Le chef italien est bien connu en France pour être l’un des piliers de l’Opéra de Lyon, où Serge Dorny lui a accordé toute sa confiance, et où il a dirigé plusieurs ouvrages – Le Comte Ory en 2014, L’Enlèvement au sérail en 2016, ou encore La Cenerentola en 2018. Depuis son pianoforte, il dirige les musiciens d’un Orchestre du Teatro dell’Opera di Roma toujours aussi espacés les uns des autres (tout comme le chœur maison préparé par l’excellent Roberto Gabbiani), et confirme ce soir ses affinités avec l’univers de la musique rossinienne. Si sa direction paraît un peu moins folle et débridée que de coutume (il est cette fois dos aux chanteurs, et c'est évidemment plus compliqué de gérer scène et fosse d’un seul coup d’œil...), elle n’en demeure pas moins très vivante, merveilleusement plastique et pleine de détails instrumentaux savoureux.

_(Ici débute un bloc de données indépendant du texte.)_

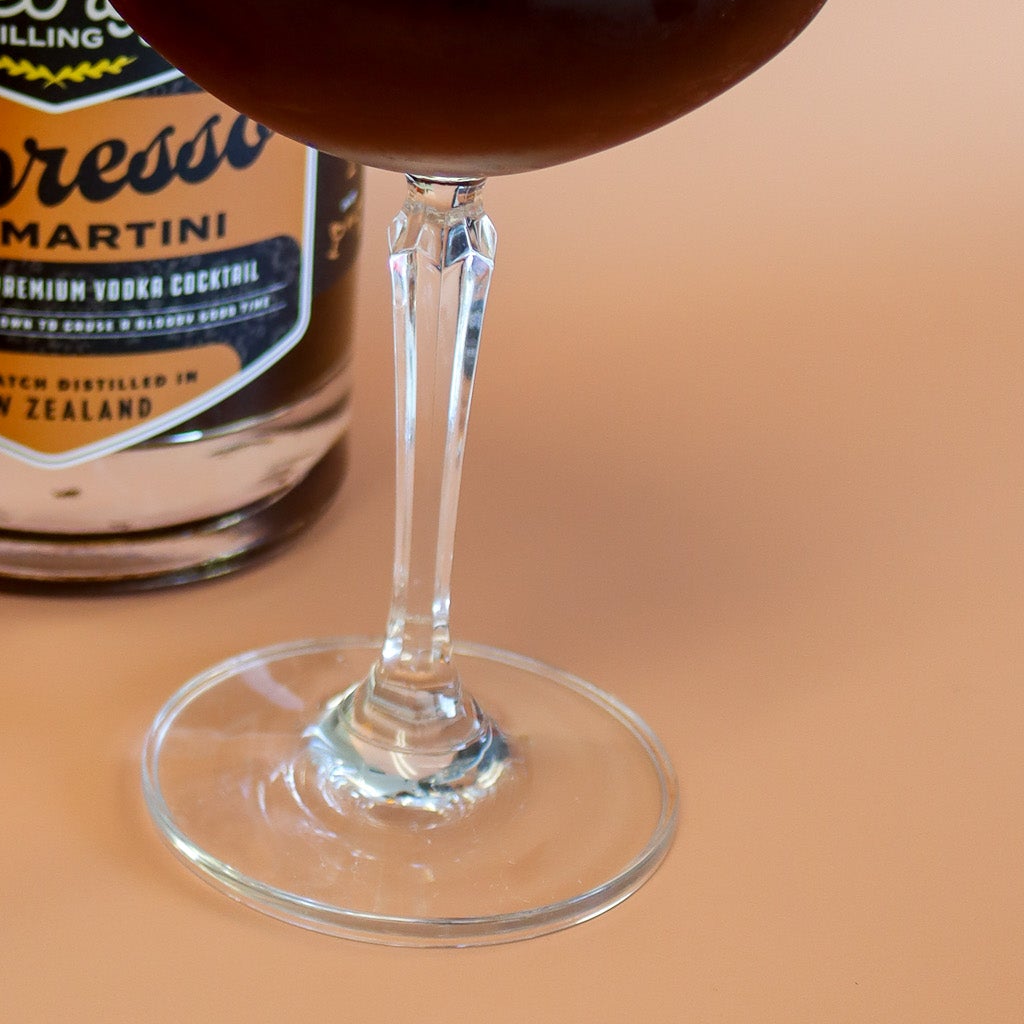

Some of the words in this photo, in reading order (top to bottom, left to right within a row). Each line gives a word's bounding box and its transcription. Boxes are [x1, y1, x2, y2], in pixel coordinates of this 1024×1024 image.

Satisfecit général pour la distribution entièrement italienne – hors l’Almaviva de Giorgio Misseri qui peine à convaincre ce soir avec un registre aigu parfois à la limite du poussif et de (trop) nombreux problèmes d’intonation, voire de justesse. Il a néanmoins le mérite d’affronter avec plus ou moins de bonheur le redoutable air « Cessa di piu resistere » (coupé la plupart du temps). Déjà remarqué dans le rôle du Comte (des Nozze) à Strasbourg en 2017, puis cette année dans celui de Marcello de La Bohème à l’Opéra de Monte-Carlo, Davide Luciano (Figaro) n’a ainsi pas de mal à lui voler la vedette, grâce à sa voix splendidement timbrée et sonore, et à son jeu scénique bondissant : le baryton italien crève l’écran et il se taille le plus gros succès personnel au moment des saluts. En alternance avec Chiara Amaru, la jeune mezzo italienne Miriam Albano se montre également irrésistible, car elle possède tout ce qu’il faut pour le rôle de Rosina : présence scénique, caractère malicieux, rondeur du timbre et homogénéité des registres, naturel vocal et art belcantiste avec des vocalises aussi aisées que détachées. En Basilio, Nicola Ulivieri (qui nous a accordé un bref enretien) confirme qu’il est bien l’une des meilleures basses chantantes de notre époque, tandis que le désopilant Marco Filippo Romano, qui nous avait ébloui l’été dernier à Martina Franca dans Le Mariage secret de Cimarosa (rôle de Geronimo), apporte au personnage de Bartolo toutes les ressources de son incroyable tempérament comique. Une mention, enfin, pour la Berta de Francesca Benitez qui voit son aria di sorbetto « Il vecchiotto cerca moglie » conservée, tandis qu'Alessandro Della Morte incarne de manière inhabituellement charmeuse et bien chantante le rôle souvent sacrifié de Fiorello. Bravi à ces deux jeunes chanteurs, dont le second est issu du programme « Fabbrica » de formation des jeunes artistes de l’Opéra de Rome !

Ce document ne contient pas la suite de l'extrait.